The Canadian government signs a historic agreement to provide clean water to First Nations communities.

“For Tataskweyak Cree Nation, these standards mean that Canada is finally committing to draw our community’s water from a safer and healthier source.” – Chief Doreen Spence of Tataskweyak Cree Nation. Canadian officials announced a historic agreement with three First Nations communities to resolve national class action suits on safe drinking water, Canadian Lawyer Mag reports. The agreement includes $1.5 billion for those deprived of clean drinking water, $6 billion for reliable access to safe drinking water on reserve, and a plan to modernize the drinking water legislation of First Nations in Canada, among other things.


In Case You Missed It:

What’s Up With Water – August 16, 2021 – This week’s episode of What’s Up With Water covers government leaders attempt to improve the flow of information and reduce the wasting of water in the United Kingdom, a far-ranging drought causing wells to dry up in the United States, and warm temperatures that are devastating Greenland’s ice reserves.

HotSpots H2O: In Madagascar, Droughts Caused by Climate Change Contribute to Famine —Over the past year, parched landscape has grown even more barren in Madagascar, as the country’s worst drought in over four decades has ravaged food supplies, sweeping hunger throughout the region.

Water Scarcity Leads to Armed Conflict Between Cattle Ranchers and Fishermen in Cameroon

Hundreds of people have fled the northern border of Cameroon after conflict over water supplies left 18 people dead and 70 wounded, according to reporting from Voice of America. Clashes between cattle ranchers and fishermen in the Logone and Chari Division started in July, but escalated into armed conflict late last week. The Logone and Chari Division is part of the Lake Chad Basin, where officials say water resources have diminished by 70 percent within the last 50 years.
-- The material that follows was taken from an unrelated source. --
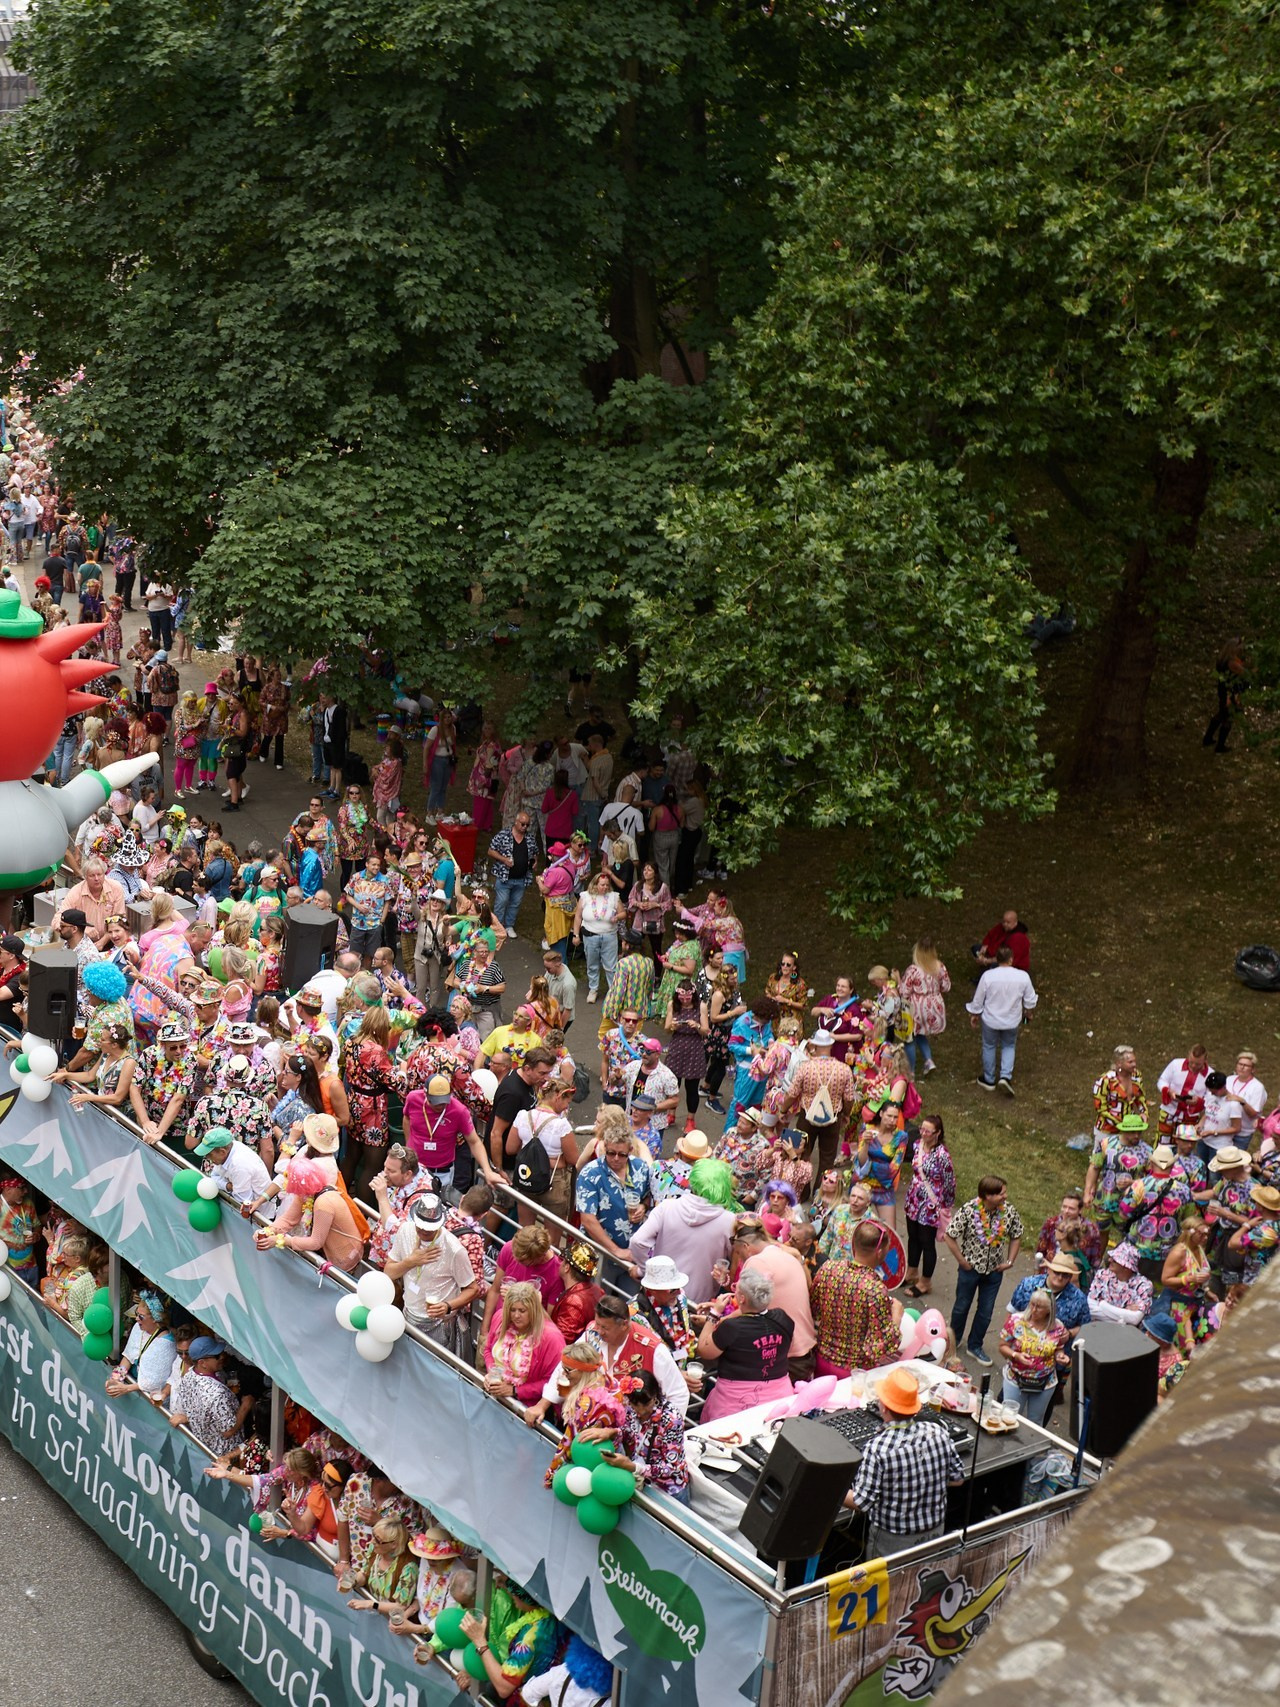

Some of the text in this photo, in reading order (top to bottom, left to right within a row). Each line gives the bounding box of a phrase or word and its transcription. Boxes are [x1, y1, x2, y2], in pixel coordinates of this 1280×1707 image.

In the aftermath of devastating floods in Turkey, 62 people have been reported dead, Al Jazeera reports. Provinces like Kastamonu, Sinop, and Bartin along the Black Sea were hit the hardest, officials said. Between the three provinces, 454 buildings were severely damaged or completely ruined. Aid workers have successfully evacuated more than 2,000 people, although emergency crews continue to search through many buildings that have partially collapsed for nearly 80 people still believed to be missing.

60 MPH

As of Monday morning, Tropical Storm Fred maintained maximum sustained winds of 60 miles per hour and was expected to make landfall on the western Florida Panhandle Monday afternoon or early evening, CNN reports. The storm system regained tropical storm status Sunday morning over the Gulf of Mexico and is expected to increase its strength as it moves through the warm waters of the gulf. The National Hurricane Center forecasts the storm will bring dangerous storm surge, river flooding and possible tornadoes, but quickly weaken after landfall.


Amid the aftermath of a devastating 7.2-magnitude earthquake, Tropical Depression Grace is set to pass over Haiti and could lead to mudslides and flooding, The New York Times reports. The National Hurricane Center said the storm could dump up to 15 inches of rain in some areas of Haiti and the Dominican Republic. This week, parts of the Virgin Islands, the Leeward Islands, and Puerto Rico could receive three to six inches of rain and the storm is expected to move through Florida, Cuba and the Bahamas next week.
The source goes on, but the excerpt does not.